An exact copy of the entries is required, excluding any pictures.

*** Opening RECORDS FOR THIS EXERCISE ***

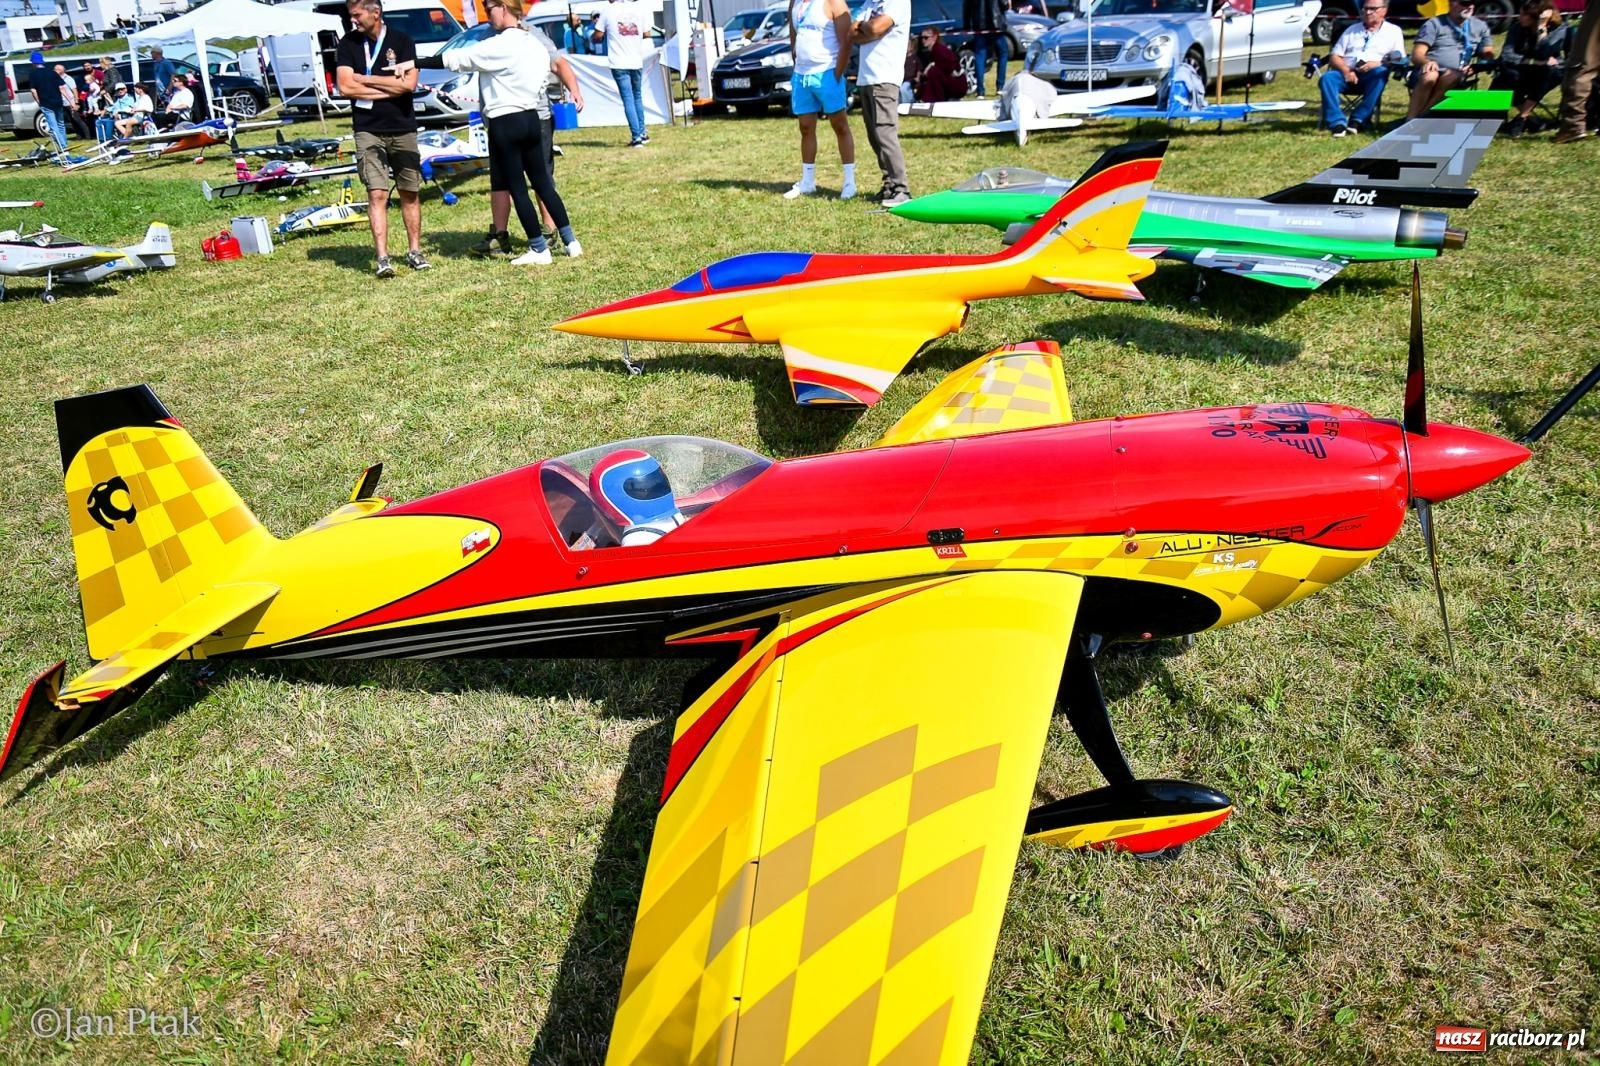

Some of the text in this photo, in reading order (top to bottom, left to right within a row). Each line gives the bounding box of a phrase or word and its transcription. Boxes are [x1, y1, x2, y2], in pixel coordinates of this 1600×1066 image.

[1332, 187, 1378, 206] Pilot
[936, 546, 964, 556] KRILL
[1212, 551, 1235, 564] KS
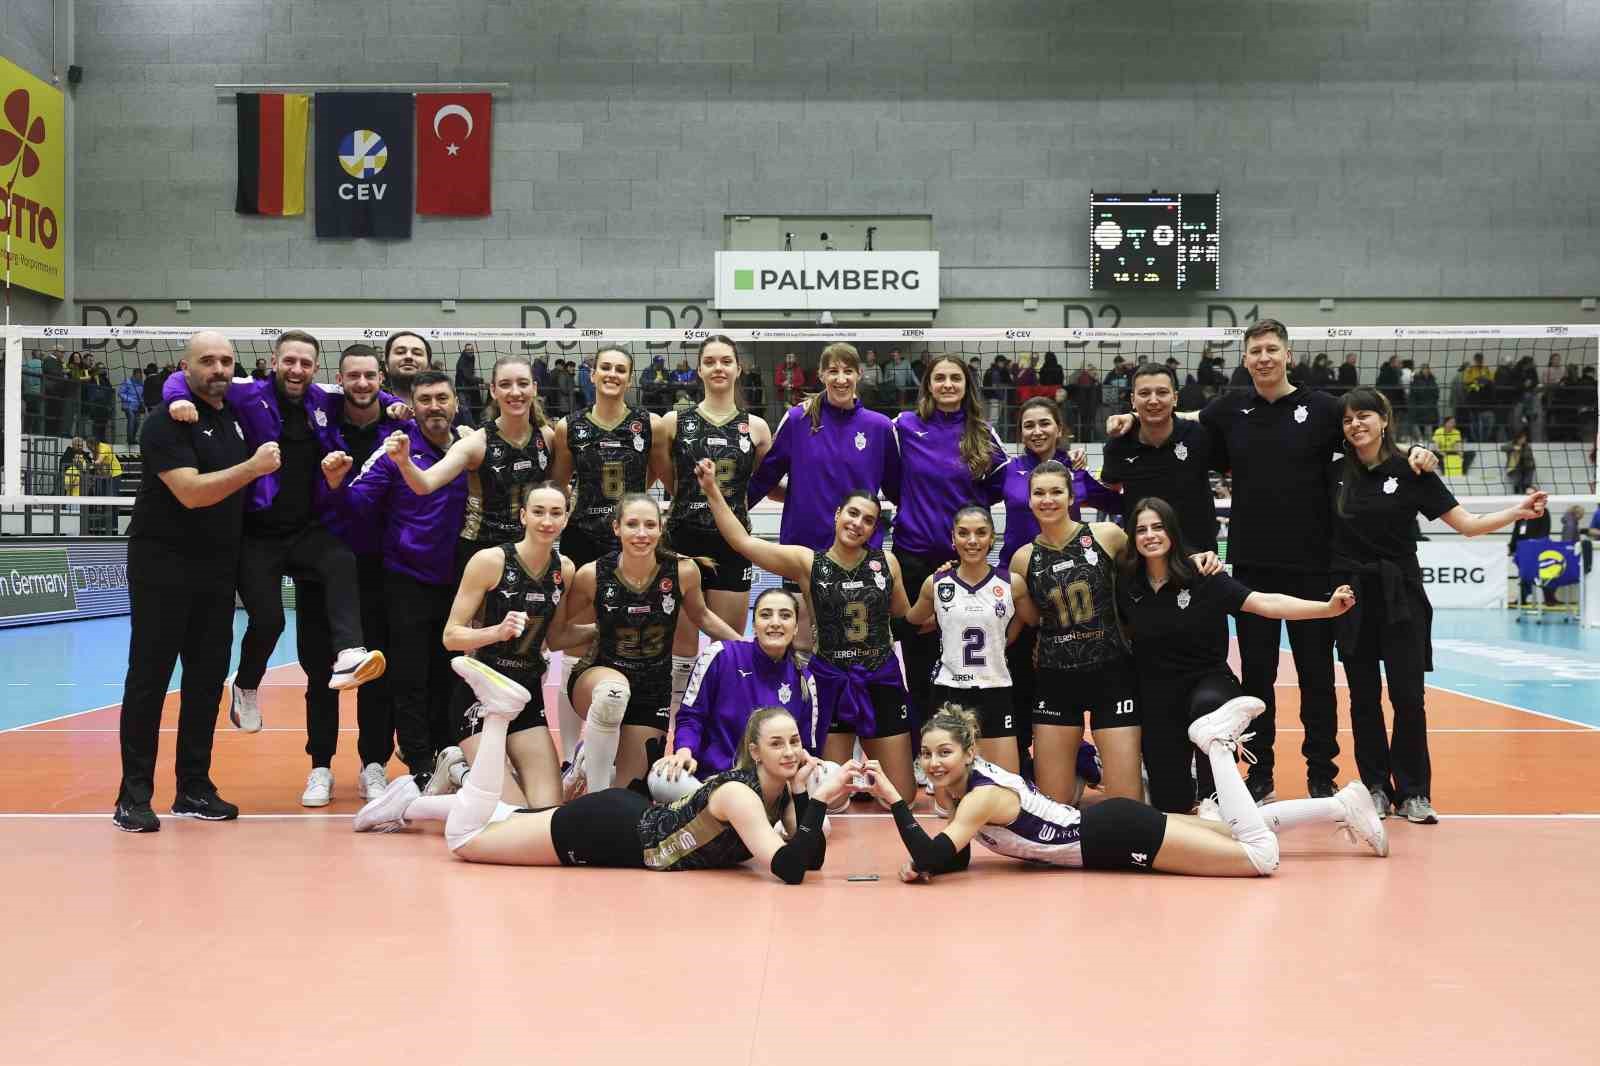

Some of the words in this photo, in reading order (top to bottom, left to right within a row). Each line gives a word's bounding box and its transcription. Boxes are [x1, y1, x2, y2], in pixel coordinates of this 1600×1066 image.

[338, 183, 388, 201] CEV
[760, 270, 920, 290] PALMBERG
[54, 328, 69, 336] CEV
[81, 305, 138, 350] D3
[521, 305, 577, 350] D3
[646, 305, 704, 350] D2
[1016, 330, 1031, 338] CEV
[1064, 304, 1122, 349] D2
[602, 461, 625, 499] 8
[10, 568, 68, 598] Germany
[1421, 567, 1485, 584] BERG
[1050, 580, 1094, 627] 10
[844, 601, 869, 642] 3
[962, 627, 987, 668] 2
[952, 673, 974, 682] ZEREN
[900, 704, 908, 719] 3
[1115, 699, 1134, 715] 10
[1004, 714, 1013, 728] 2
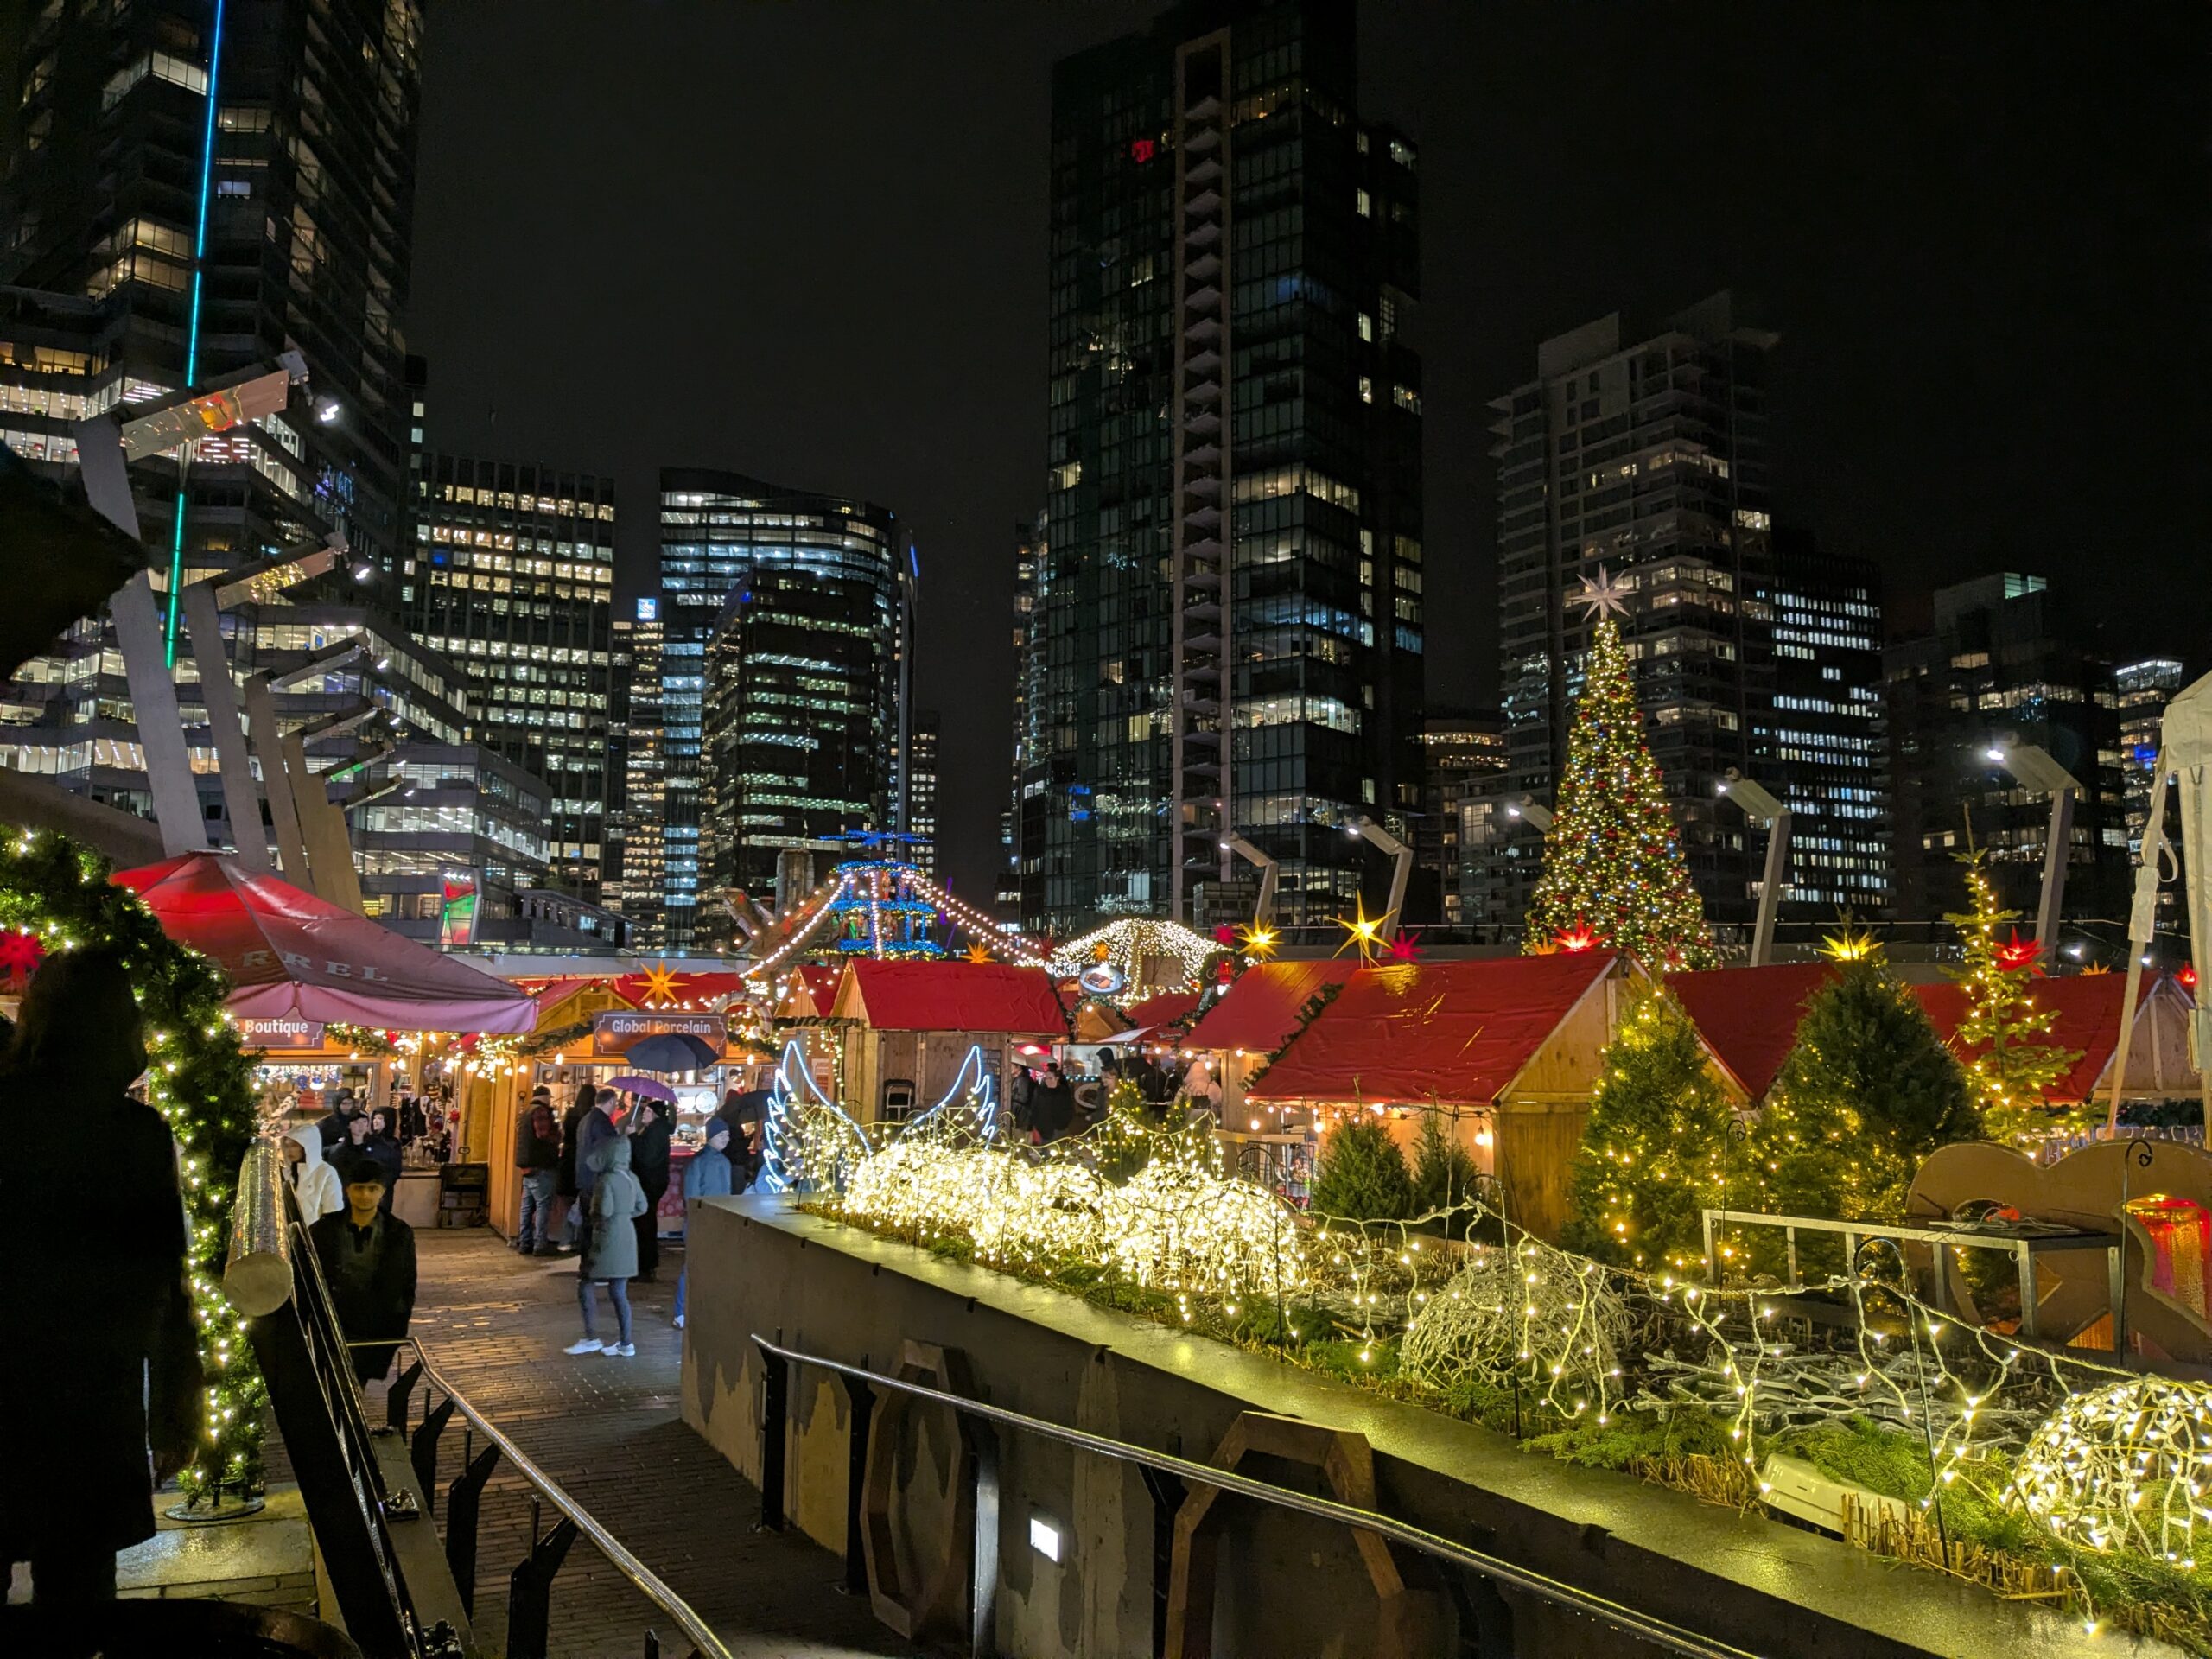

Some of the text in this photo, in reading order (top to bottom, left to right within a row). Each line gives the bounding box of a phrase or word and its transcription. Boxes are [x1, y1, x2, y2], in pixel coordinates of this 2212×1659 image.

[245, 1019, 308, 1037] Boutique
[612, 1019, 711, 1034] Global Porcelain

*** Closing RECORDS FOR THIS EXERCISE ***

TASK SOLUTION:
Some of the text in this photo, in reading order (top to bottom, left to right within a row). Each line gives the bounding box of a phrase or word and its transcription. Boxes are [x1, y1, x2, y2], in pixel coordinates of this 1600×1066 image.

[1332, 187, 1378, 206] Pilot
[936, 546, 964, 556] KRILL
[1212, 551, 1235, 564] KS

Some of the words in this photo, in reading order (top to bottom, left to right within a row). Each line gives a word's bounding box and its transcription. Boxes are [x1, y1, x2, y2], in pixel coordinates of this 1600×1066 image.

[338, 183, 388, 201] CEV
[760, 270, 920, 290] PALMBERG
[54, 328, 69, 336] CEV
[81, 305, 138, 350] D3
[521, 305, 577, 350] D3
[646, 305, 704, 350] D2
[1016, 330, 1031, 338] CEV
[1064, 304, 1122, 349] D2
[602, 461, 625, 499] 8
[10, 568, 68, 598] Germany
[1421, 567, 1485, 584] BERG
[1050, 580, 1094, 627] 10
[844, 601, 869, 642] 3
[962, 627, 987, 668] 2
[952, 673, 974, 682] ZEREN
[900, 704, 908, 719] 3
[1115, 699, 1134, 715] 10
[1004, 714, 1013, 728] 2

Some of the text in this photo, in reading order (top to bottom, left to right within a row). Each line gives the bounding box of a phrase or word and its transcription. Boxes are [x1, y1, x2, y2], in pixel coordinates of this 2212×1659 image.

[245, 1019, 308, 1037] Boutique
[612, 1019, 711, 1034] Global Porcelain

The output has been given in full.